I'm not sure if this is the right forum so can the Mods move please if necessary.

I have been suffering from tingling or electric shock feelings up and down my legs for the last year now. I had a fall before all this started and pulled a muscle in my lower back but docs don't think this caused it. I have had an MRI of brain and spine and bloods done which have ruled out some illnesses. There was one spot of demyelination which showed up in the scan(waiting to see a neurologist). So I'm left with being told I have periperal neuropathy for now. I am just wondering if others have experienced this tingling feeling in legs or other parts of the body and what you did to try and reduce it? Its so bad at times it feels like something is crawling all over my legs all day long. It is better when I rest or at night and worst after exercise. Its driving me crazy. I get told 'you are stressed' but I really don't think stress has caused all of this.

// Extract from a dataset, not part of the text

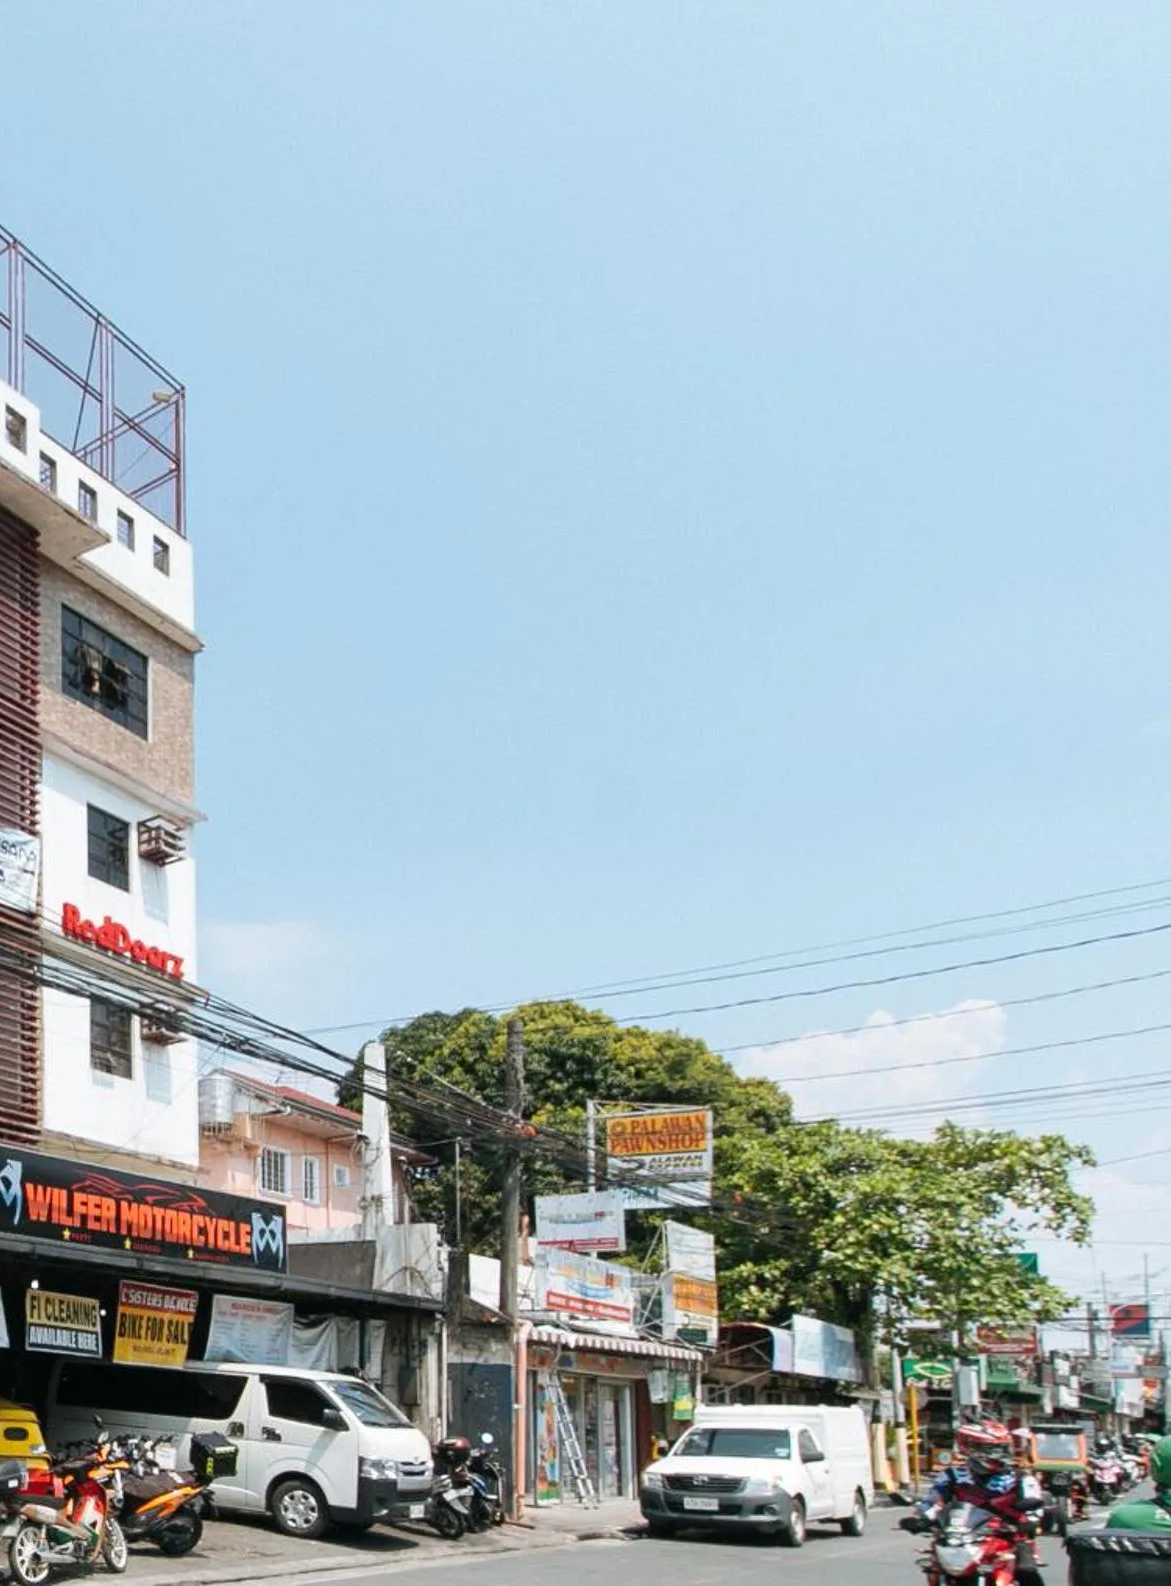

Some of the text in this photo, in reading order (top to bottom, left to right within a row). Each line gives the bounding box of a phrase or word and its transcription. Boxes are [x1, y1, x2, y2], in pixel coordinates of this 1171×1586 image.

Any advice or related stories would be welcome while I wait for my appointment with neurologist.

sam34

gentle reminder folks, no suggestions as to possible cause please.

byhookorbycrook

Have you been given meds to help with the pain?

Jumpy

I used to be on Anti-Depressants at one stage and I had exactly what you describe as a side effect.
They are known as brain zaps. I shudder when I remember them so I have pity on you OP.

byhookorbycrook

Is it worse when you are warm?

spider77

Not on any meds for pain. I do get pins n needles on hands after shower but don't think it's worse when I am warm. I have to relax when I get home from work to relieve it. Resting seems to help.

Nodrogllig

I/ve had peripheral neuropathy since 1996 when I suffered from a severe bout of herpes simplex stomatitis in my mouth and throat. My hands and feet have never stopped burning with daily electric shocks since that time, and these can be worse at night. A few years ago, I got some homeopathic remedies from a doctor in Florida and these were helpful for a while, but I have finally become resigned to the fact that there is no cure for this.

I have to say, that the electric shocks have reduced in quantities, and things have improved since I take daily b complex and b 12 injections every six months. When I first attended a neurologist I was put on anti epileptic drugs and they made no difference, so today I just live with the reality that this is my lot. In a sense when its really bad, I just imagine it to be a way of telling me that I am alive and my nerve ends are highly sensitive, and ultimately all is just fine.

spider77

Nodrogllig wrote: »

I/ve had peripheral neuropathy since 1996 when I suffered from a severe bout of herpes simplex stomatitis in my mouth and throat. My hands and feet have never stopped burning with daily electric shocks since that time, and these can be worse at night. A few years ago, I got some homeopathic remedies from a doctor in Florida and these were helpful for a while, but I have finally become resigned to the fact that there is no cure for this.

I have to say, that the electric shocks have reduced in quantities, and things have improved since I take daily b complex and b 12 injections every six months. When I first attended a neurologist I was put on anti epileptic drugs and they made no difference, so today I just live with the reality that this is my lot. In a sense when its really bad, I just imagine it to be a way of telling me that I am alive and my nerve ends are highly sensitive, and ultimately all is just fine.

Thanks for reply. Its good to see you are staying positive. I can't help but feel all this is a result of the fall I had on ski slopes last year but MRI didn't show anything up in lower back I think. I would expect more people to have this if one can get it from falls like that. Might go back to physio I had initially for this complaint. I tried acupuncture but did not see much difference. If only there was not such a long wait to see a neurologist in this country of ours!